───── Source records

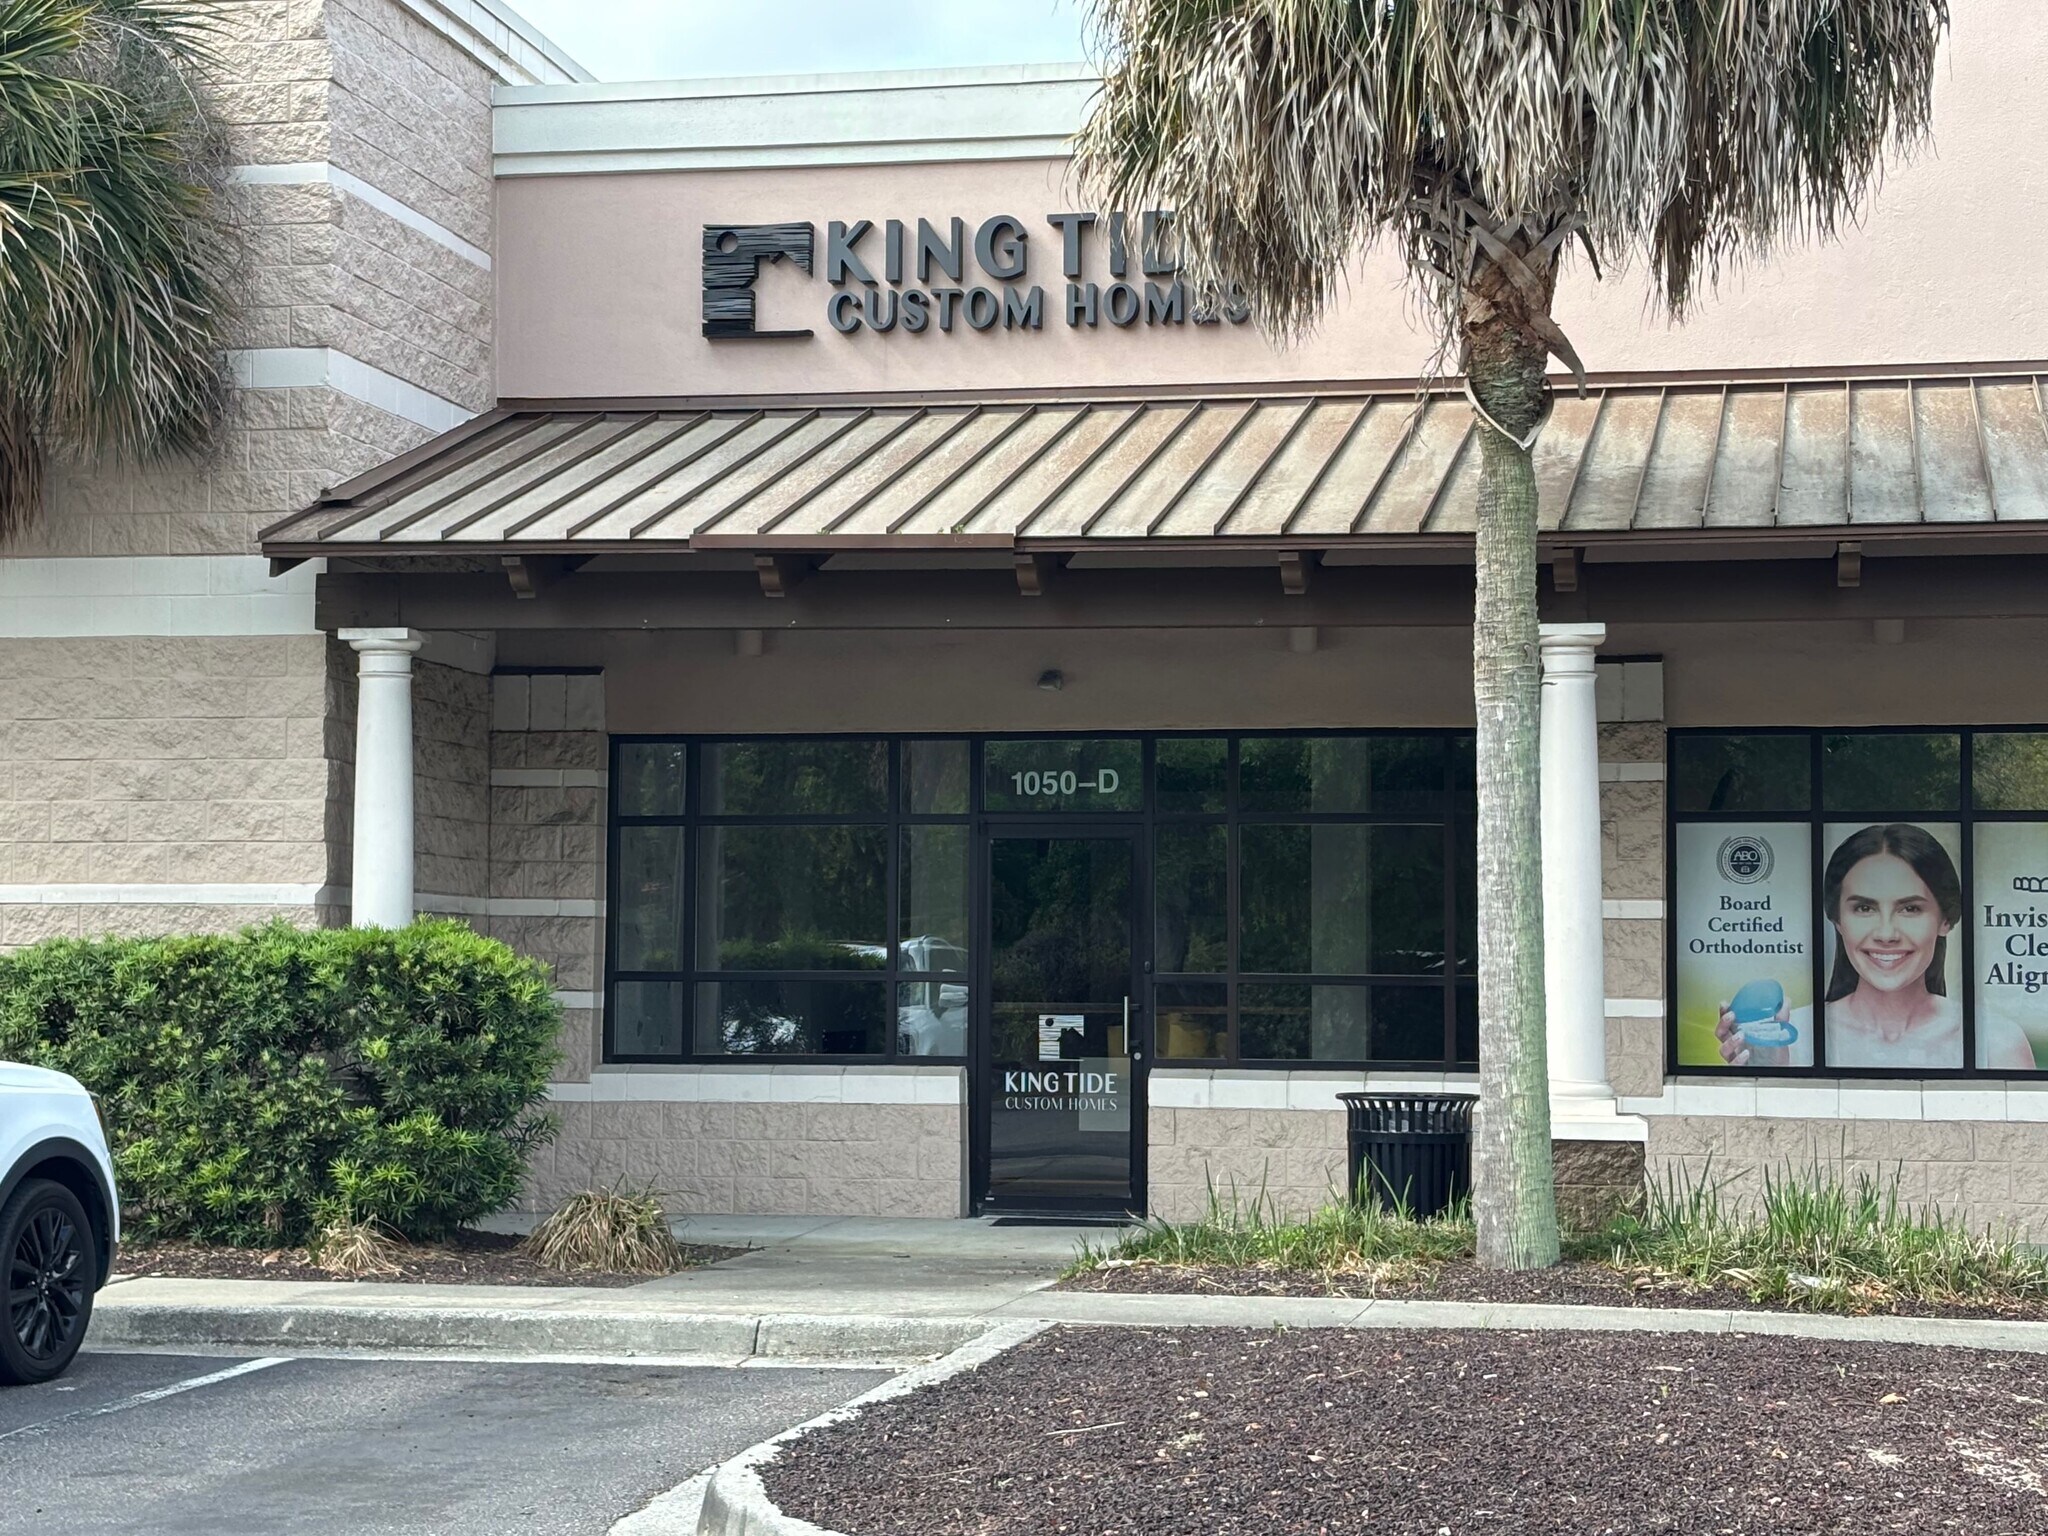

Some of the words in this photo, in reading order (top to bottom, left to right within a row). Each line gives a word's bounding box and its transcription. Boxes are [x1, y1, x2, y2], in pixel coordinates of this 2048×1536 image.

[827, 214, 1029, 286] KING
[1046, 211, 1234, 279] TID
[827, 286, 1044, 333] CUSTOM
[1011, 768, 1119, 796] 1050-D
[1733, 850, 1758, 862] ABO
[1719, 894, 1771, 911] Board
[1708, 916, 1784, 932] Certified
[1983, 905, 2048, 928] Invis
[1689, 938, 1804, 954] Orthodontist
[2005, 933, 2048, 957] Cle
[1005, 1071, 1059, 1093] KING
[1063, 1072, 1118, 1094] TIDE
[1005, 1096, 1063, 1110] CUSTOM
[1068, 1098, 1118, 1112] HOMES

──────────

Work request -
All entries need to be duplicated exactly, apart from the images.

Exercise response -
Some of the words in this photo, in reading order (top to bottom, left to right within a row). Each line gives a word's bounding box and its transcription. Boxes are [x1, y1, x2, y2], in pixel coordinates of this 2048×1536 image.

[827, 214, 1029, 286] KING
[1046, 211, 1234, 279] TID
[827, 286, 1044, 333] CUSTOM
[1011, 768, 1119, 796] 1050-D
[1733, 850, 1758, 862] ABO
[1719, 894, 1771, 911] Board
[1708, 916, 1784, 932] Certified
[1983, 905, 2048, 928] Invis
[1689, 938, 1804, 954] Orthodontist
[2005, 933, 2048, 957] Cle
[1005, 1071, 1059, 1093] KING
[1063, 1072, 1118, 1094] TIDE
[1005, 1096, 1063, 1110] CUSTOM
[1068, 1098, 1118, 1112] HOMES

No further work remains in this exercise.